Analysts' second-half outlook unaffected by most recent Fed tightening.

WASHINGTON -- Despite its dramatic and instantaneous impact on bond markets, the Federal Reserve's latest double-barreled interest rate hike had little impact on analysts' expectations of how the economy will perform through the end of the year.

"It doesn't alter our outlook," Darwin Beck, director of the economics department at CS First Boston, said yesterday.

The Fed raised both short-term interest rates it controls by one-half percentage point, taking the federal funds rate to 4.75% and the discount rate to 4%, in what analysts said was the most aggressive action among the Fed's plausible options.

While economists generally expect growth to slow in the second half of 1994 compared to the first half, most said the Fed's action on Tuesday did not push them to revise down their third- and fourth-quarter growth forecasts.

"For the economy, growth in the second half should be unaffected," said Allen Sinai, chief economist of Lehman Brothers, in his market commentary. But "first-quarter and firsthalf growth in 1995 likely will be dampened."

That's the general view among analysts, for two reasons, as Henry Willmore, an economist of Chase Manhattan Bank, explained: Most analysts expected a rate increase so their forecasts reflected that, and it takes longer than six months for a given rate hike to have an appreciable effect on overall growth.

Willmore said it takes anywhere from six months to two years for a given rate change to fully affect the economy. Growth in the second half of the year is likely to slow because of previous rate hikes, among other things, he said. The Fed has raised rates five times this year.

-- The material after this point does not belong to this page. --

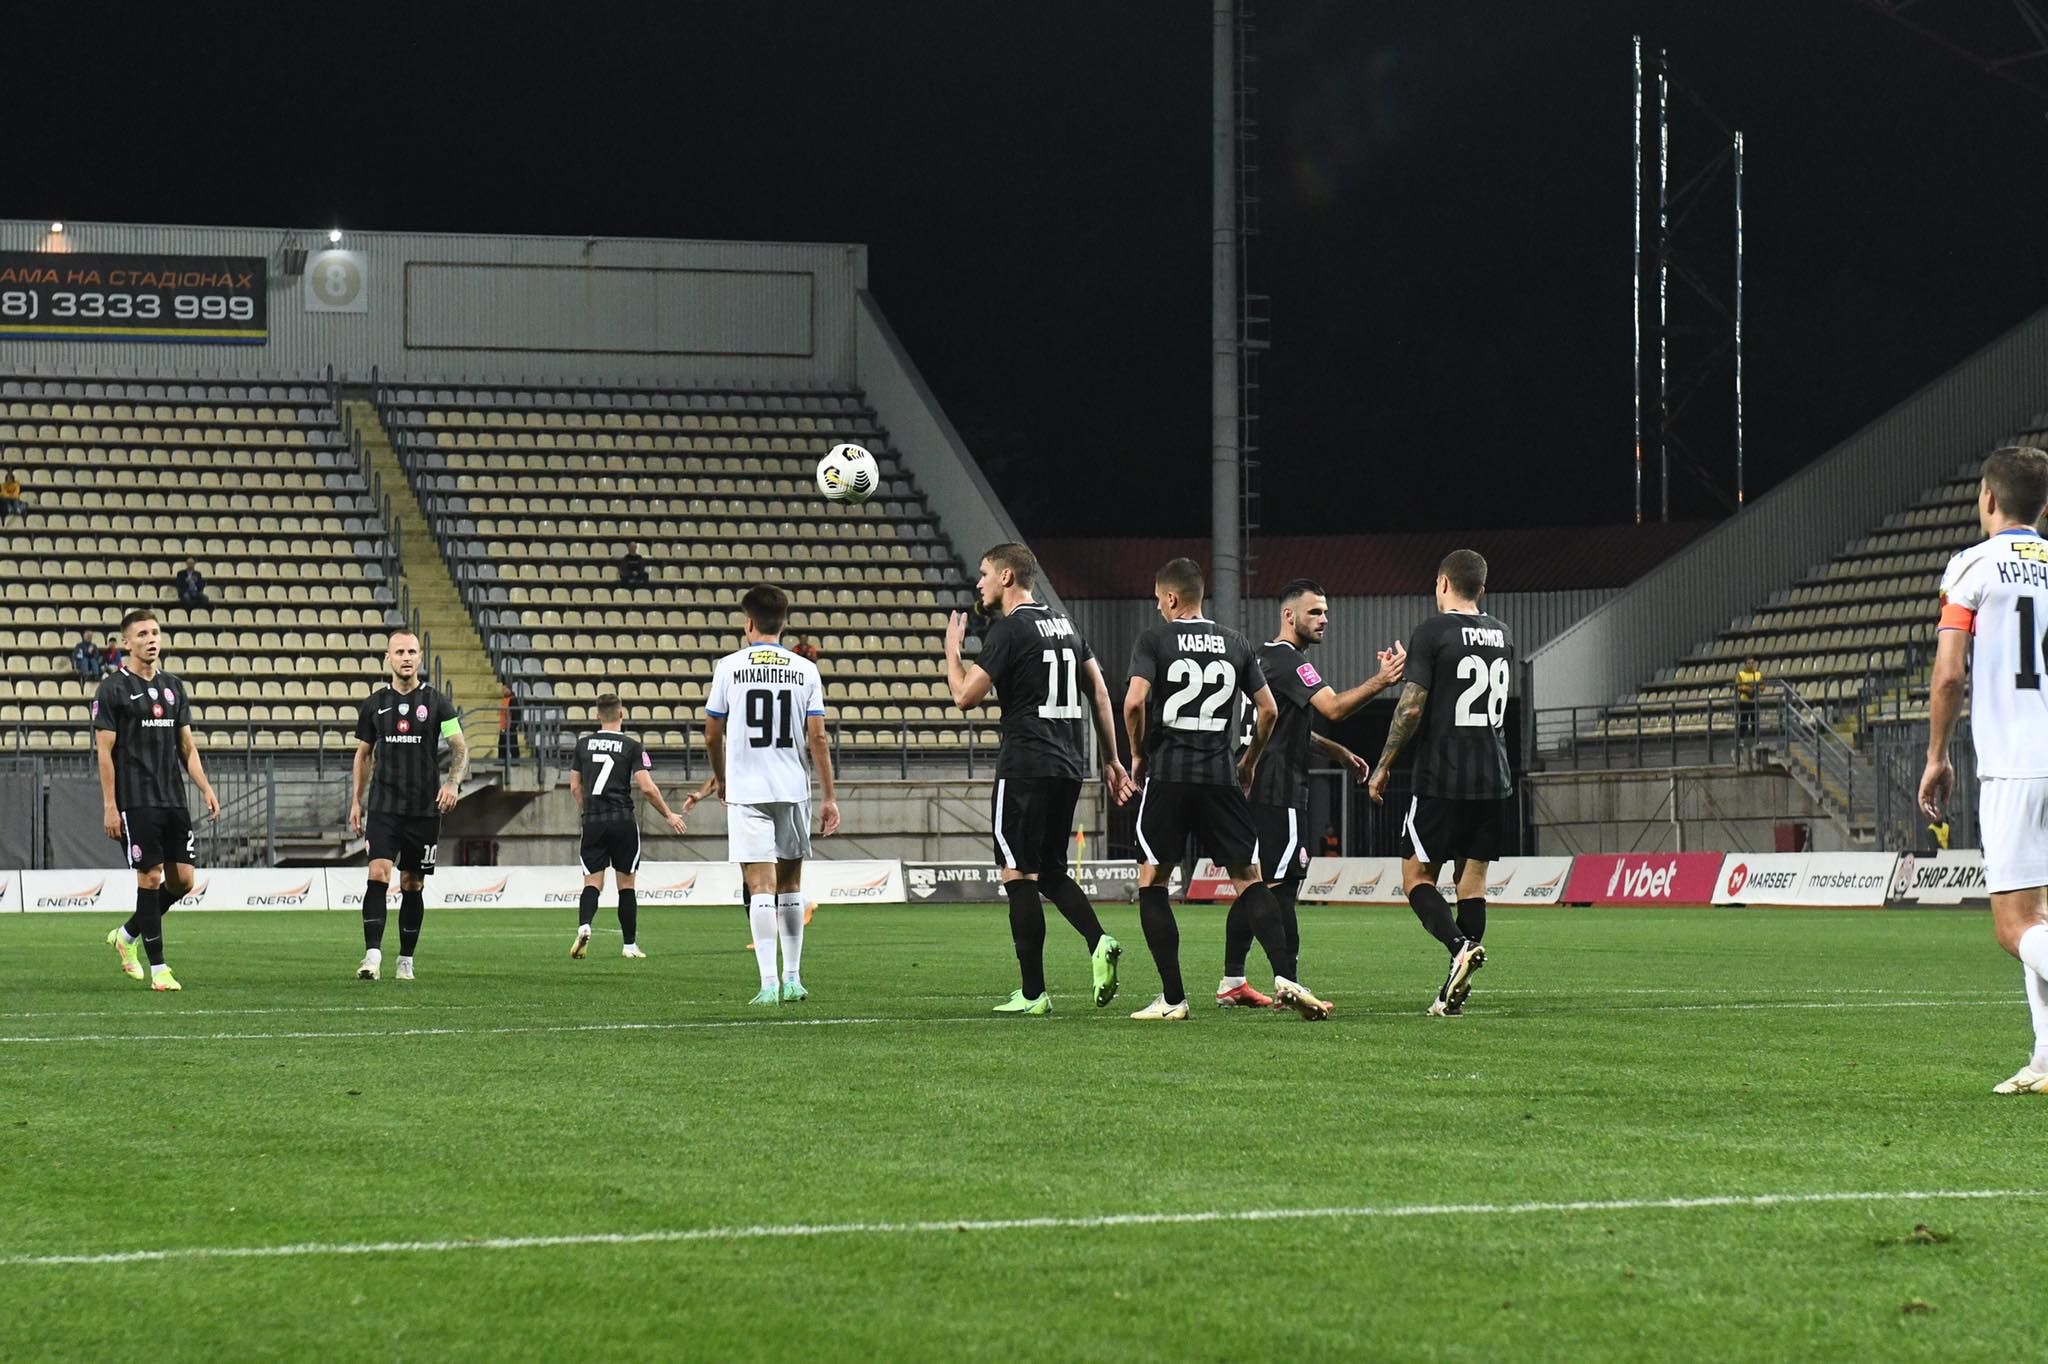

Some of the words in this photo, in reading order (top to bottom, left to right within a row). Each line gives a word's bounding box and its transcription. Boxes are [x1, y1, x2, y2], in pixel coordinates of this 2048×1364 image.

However, Fed rate boosts tend to push up other key interest rates. For example, several banks raised their prime rate not long after the Fed acted on Tuesday. This could suppress the housing market because some variable-rate mortgages are tied to the prime rate.

"Some of the interest rate sensitive sectors will be slowed a bit this year [by Tuesday's rate hike] but not drastically," said Gary Thayer, senior economist at A.G. Edwards & Sons, Inc., a St. Louis investment firm.

Fewer home buyers generally means fewer consumers in the market for durable goods, such as appliances and furniture, Thayer noted.

On the other hand, Thomas Carpenter, chief economist of ASB Capital Management in WashingtOn, D.C., speculated that home sales may actually rise in the coming months by this week's rate hike because 30-year fixed-rate mortgages are tied to the long end of the yield curve, where tightenings tend to push rates down.

Despite the recent trend toward more variable-rate products, the majority of mortgages are still the conventional 30-year fixed-rate kind, Carpenter said.

Because it takes time to work through the growth pipeline, Tuesday's rate hike had little effect on analysts' expectation of inflation during the rest of 1994. Most economists expect inflation to begin a gradual rise this quarter and next and then throughout 1995.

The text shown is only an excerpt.